SB 951 was signed into law by Oregon Gov. Tina Kotek on June 9. It prohibits any employee of a professional medical corporation from controlling or directing the “professional judgment of a licensee who is practicing within the professional corporation.” It also placed restrictions on how non-compete and non-disparagement clauses for physicians who leave medical groups may be structured.
The intent of the law is to close a loophole that mandates majority ownership by physicians of a medical corporation but does not specify the corporate roles of physicians and non-physicians within the entity. According to the law firm Bass Berry & Sims, the law specifically focuses on restricting how employees of a management services organization that contracts to run a medical organization can influence the operations of the latter.
According to the Oregon Capital Chronicle, some private equity firms have exerted control over medical practices by hiring physicians directly – sometimes from out of state – and then listing them as the practice owners. These proxy owners could then order the other physicians to boost their workloads.
32 Physicians Exit Spurs Legislative Action
The legislation was prompted by the purchase in late 2020 of the Oregon Medical Group. Under ownership by Optum, an affiliate of the UnitedHealth Group, as many as 32 physicians left that practice due to disagreements over how it was being run. That led to the Oregon Medical Group having to inform many patients that they could no longer remain with the practice, according to the Portland Oregonian.

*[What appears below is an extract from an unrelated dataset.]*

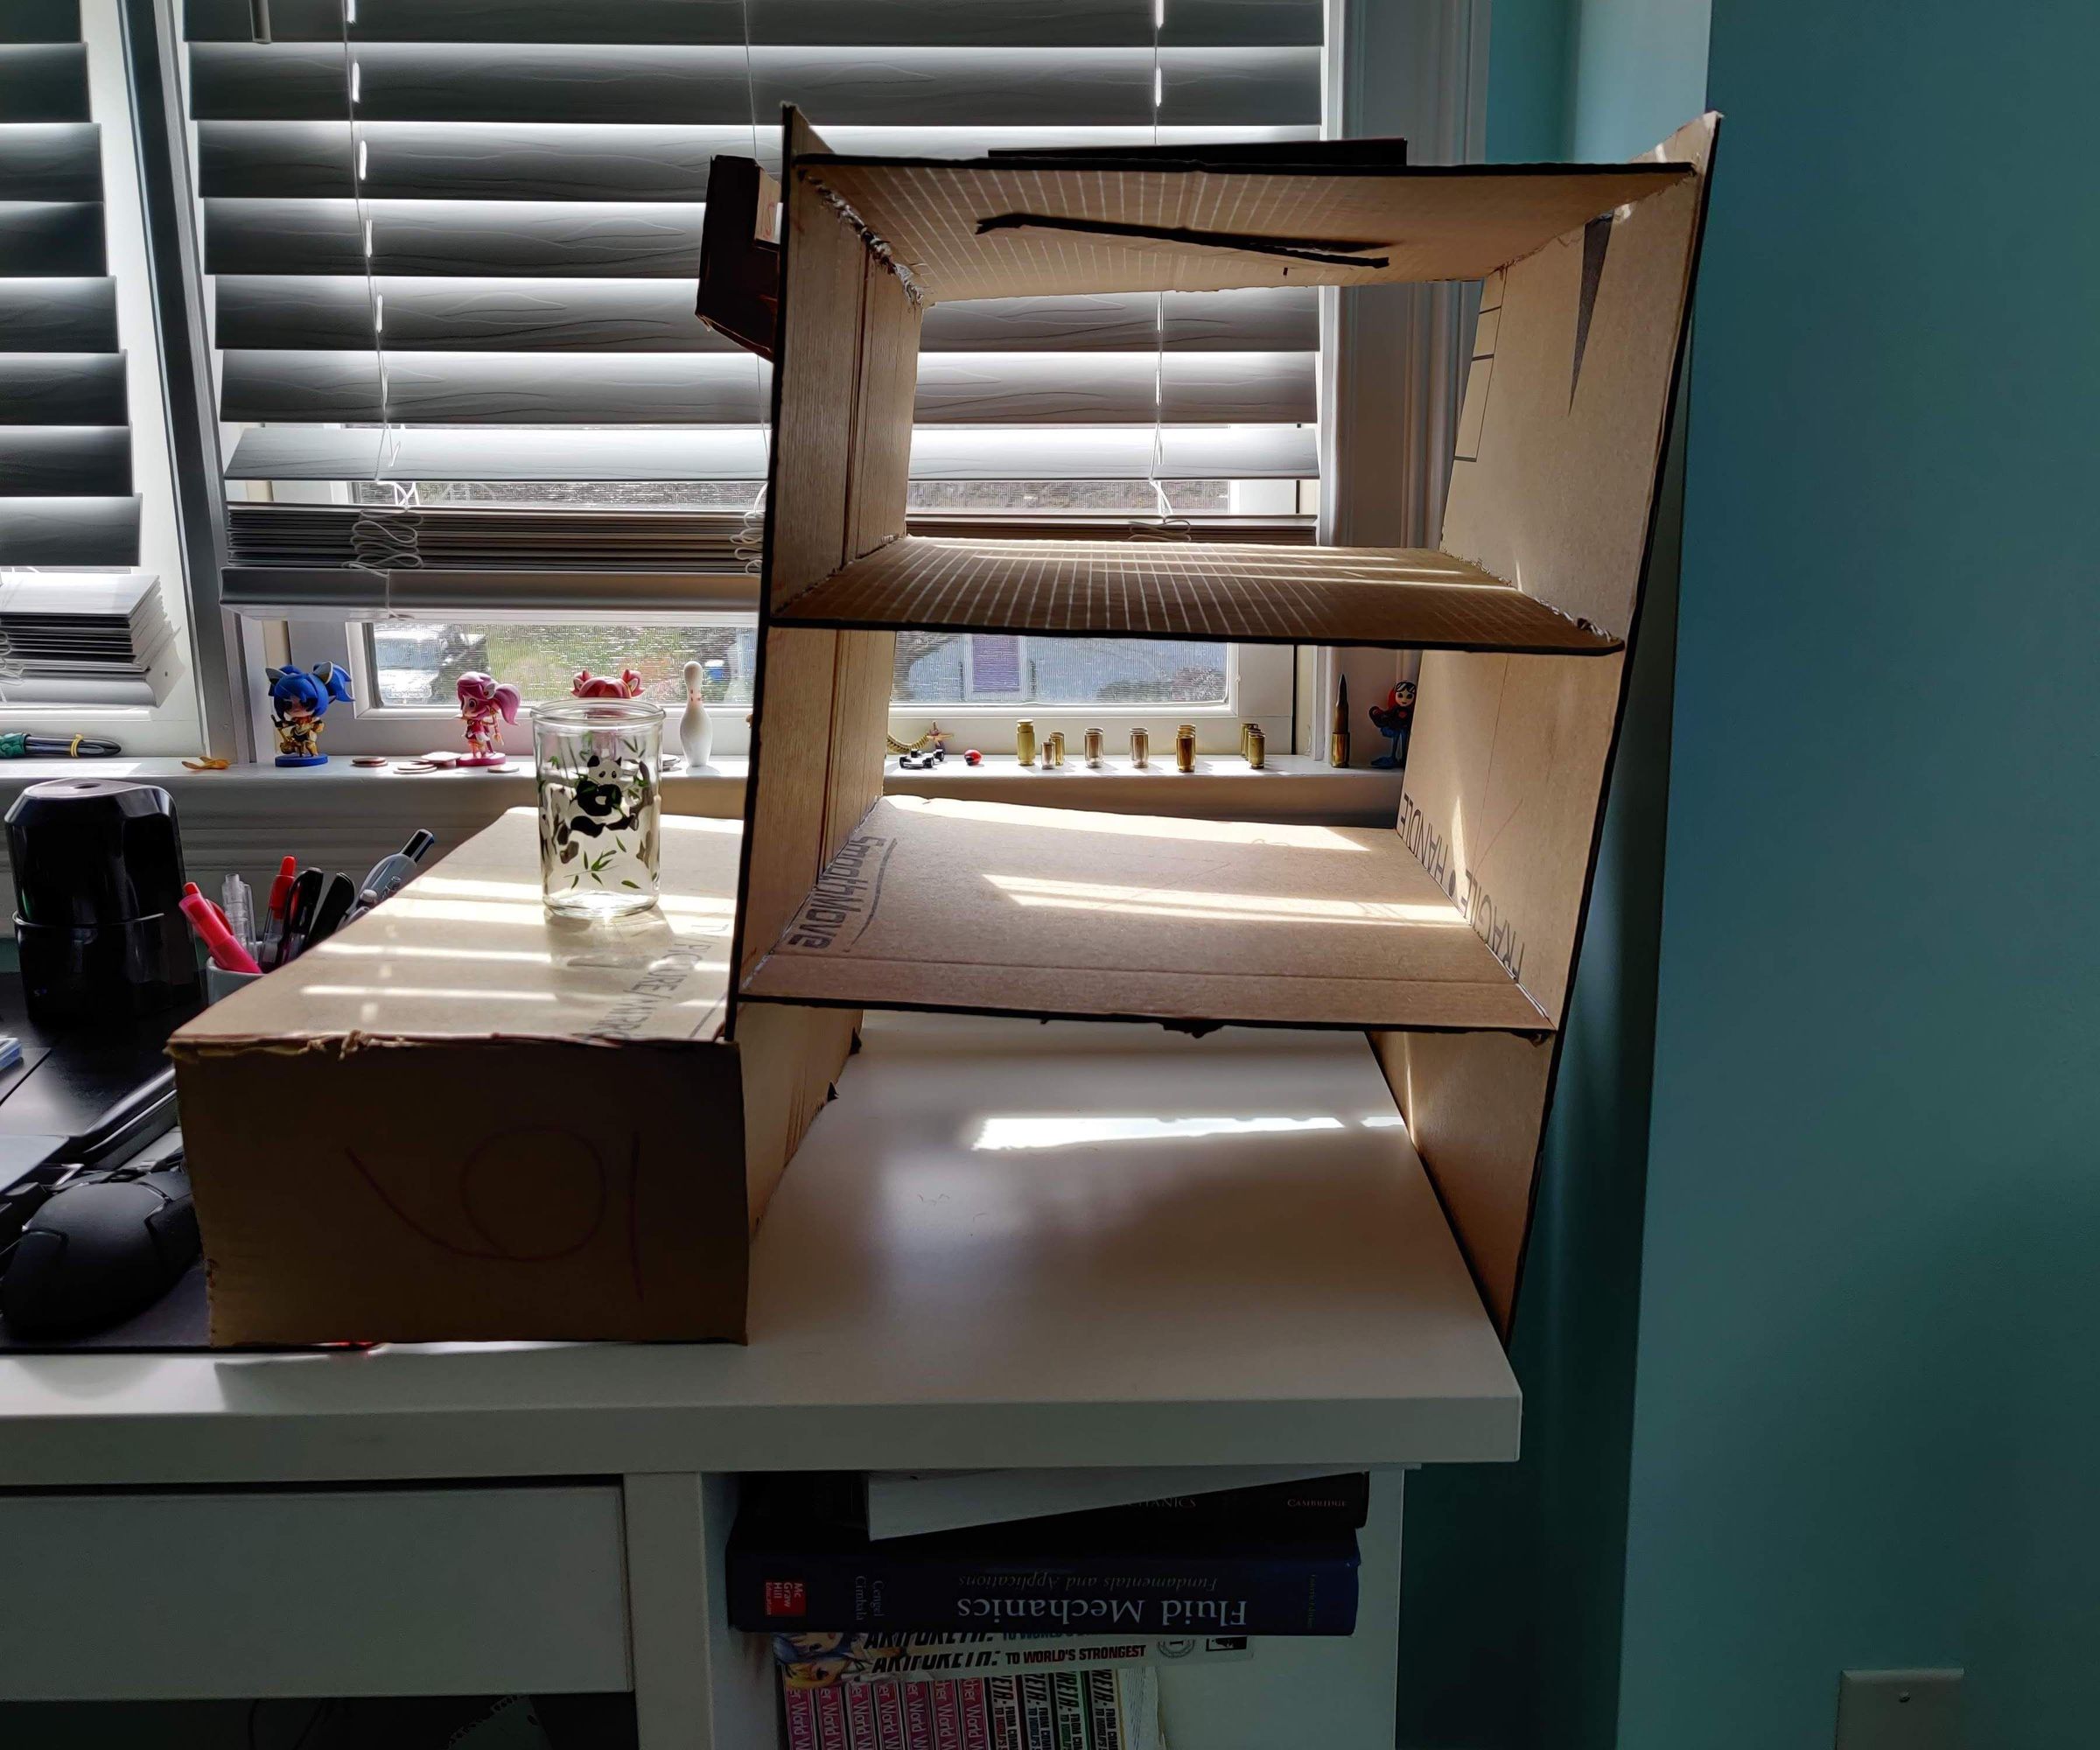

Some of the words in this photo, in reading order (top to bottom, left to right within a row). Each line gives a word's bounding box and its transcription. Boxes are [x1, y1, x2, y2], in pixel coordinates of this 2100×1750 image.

18 PE-Backed IVF Platforms Could Face New Constraints
Oregon’s path on this issue could be thorny for private equity firms, which have taken significant stakes in fertility practices and platforms in recent years. According to banking firm Harris Williams, at least 18 major IVF clinic networks or platforms in the U.S. have investments from private equity firms.
“SB 951 will have disruptive effects for private equity firms and managed service organizations, making it more challenging for investors to do business in the state,” the law firm Debevoise & Plimpton said in a recent debrief.

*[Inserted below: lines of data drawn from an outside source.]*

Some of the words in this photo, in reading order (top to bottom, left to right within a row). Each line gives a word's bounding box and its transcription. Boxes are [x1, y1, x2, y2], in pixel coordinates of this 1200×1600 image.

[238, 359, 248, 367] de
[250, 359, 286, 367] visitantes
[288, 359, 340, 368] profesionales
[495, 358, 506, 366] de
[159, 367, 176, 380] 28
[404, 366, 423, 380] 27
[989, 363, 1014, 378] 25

2026 Compliance Begins, 2029 Deadline for MSO Contracts
But how the fertility sector will be affected specifically remains to be seen. Although many components of the law go into effect on January 1, 2026, medical practices with existing contracts with management services organizations do not have to make structural changes to abide by the law until the start of 2029, according to Bass Berry & Sims.
Medical Association Supports Law ✅, ASRM and SART Stay Silent
Despite the potential impact of the law, it has drawn few headlines to date. While the Oregon Medical Association supported SB 951, the American Society for Reproductive Medicine did not take a position on the law, according to spokesperson Sean Tipton.
Dr. Micah Hill is the current president of the Society for Assisted Reproductive Technology, declined to comment on the law.
Beth Zoneraich, the chief executive officer of Pinnacle Fertility, which was funded in part by the private equity firm Webster Partners, did not respond to a request seeking comment. Pinnacle operates two IVF clinics in Portland, Ore., the state’s most populous city, after it entered into an affiliation agreement with ORM Fertility in 2022.
“Stakeholders should be prepared to adjust typical service agreements, ownership structures and internal policies to align with SB 951’s requirements,” Debevoise & Plimpton concluded.